Медиков привлекла возможность испробовать на пациенте новые методики врачевания – массажи, растяжки, а также только что изобретенные «тиски Штромайеровой машины». Обер-полицмейстер Н. П. Брянчанинов регулярно докладывал генерал-губернатору, что и больному надобно покинуть Москву, но главный врач стоял на своем, поскольку «к излечению еврея Ноаха Шайна имеется надежда». Минуло два года, и в рапорте Н. П. Брянчанинову от 31 марта 1845 года сообщалось: «Еврей Hoax Шайн, несмотря на медленное по упорности болезни лечение, получил значительное облегчение.
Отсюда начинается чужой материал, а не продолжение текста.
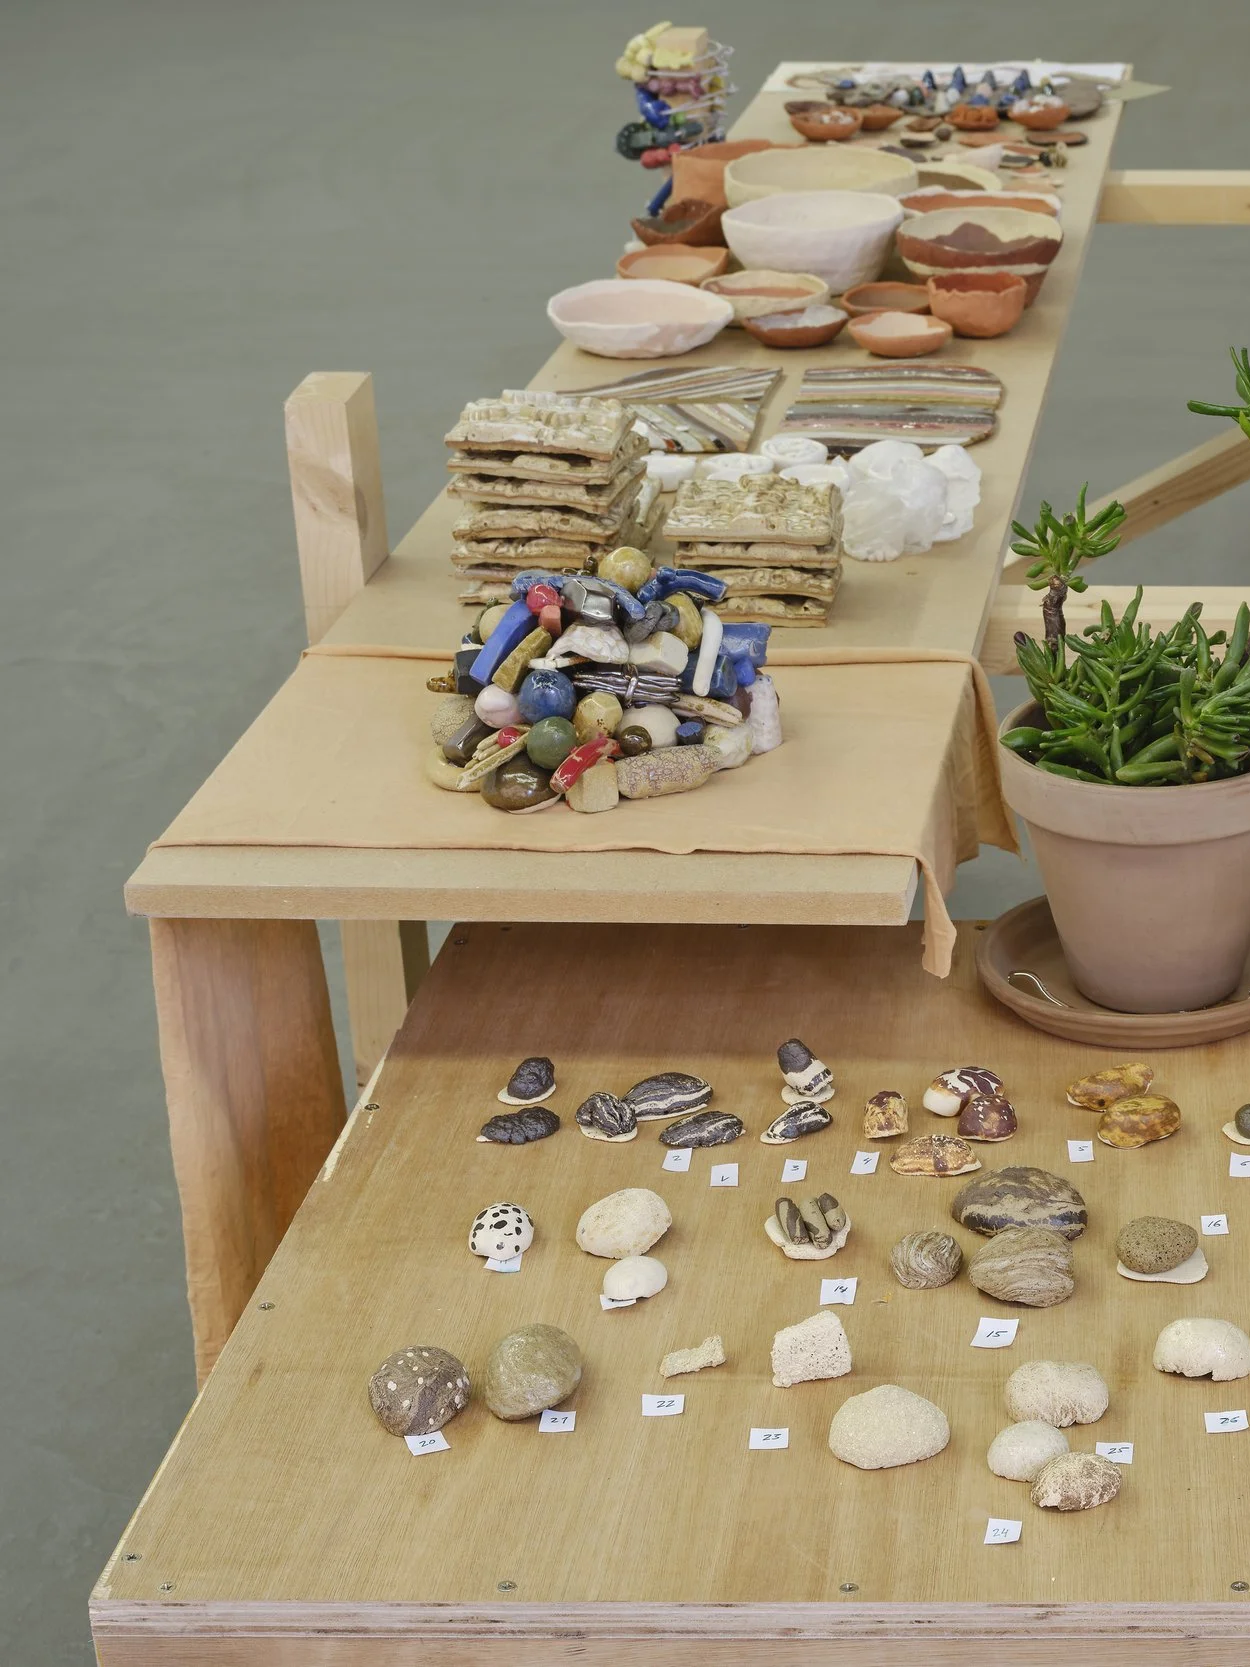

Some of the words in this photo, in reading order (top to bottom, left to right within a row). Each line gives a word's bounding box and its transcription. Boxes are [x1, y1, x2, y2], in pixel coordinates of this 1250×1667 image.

Так что есть большая надежда к восстановлению владения в ногах, и старший врач Поль нужным считает оставить его, Шайна, в больнице для дальнейшего лечения». И вскоре произошло чудо – Hoax встал на ноги, и хотя мог передвигаться только на костылях, но уже самостоятельно, – и это было счастьем. Перед ним предстала Белокаменная русская столица, причем не из окна лечебницы, а во всей своей осязаемой красе площадей, набережных, извилистых улочек и закоулков. Он без посторонней помощи мог совершать по ней непродолжительные пешие прогулки…
Юноша вызывал сочувствие и симпатию окружающих. Странноватое еврейское имя Hoax они переиначили на русский лад и стали называть его Павлом. Этот Павел по части способностей к языкам оказался феноменом удивительным. Под руководством нескольких студентов и врачей больницы – выходцев из Германии он быстро овладевает немецким и открывает для себя поэтический мир И. В. Гете, Г. Гейне, Ф. Шиллера, Ф. Рюккерта, Г. Ф. Фрейлиграта. При этом не ограничивается пассивным чтением: красоту и богатство немецкого литературного языка стремится привнести в родной ему идиш, сочиняет на нем стихи в духе Гейне, доказывая тем самым, что этот «жаргон» (так нелестно аттестовали идиш даже во второй половине XIX века) вполне пригоден для выражения высоких поэтических чувств. Нельзя не видеть в этих его опытах продолжение традиций Менделя Левина, который стремился превратить идиш в полноценный литературный язык. Важно и то, что Шейн поначалу пишет стихи исключительно для своих единоверцев – он не мыслит себя вне еврейства, плотью от плоти коего себя ощущает.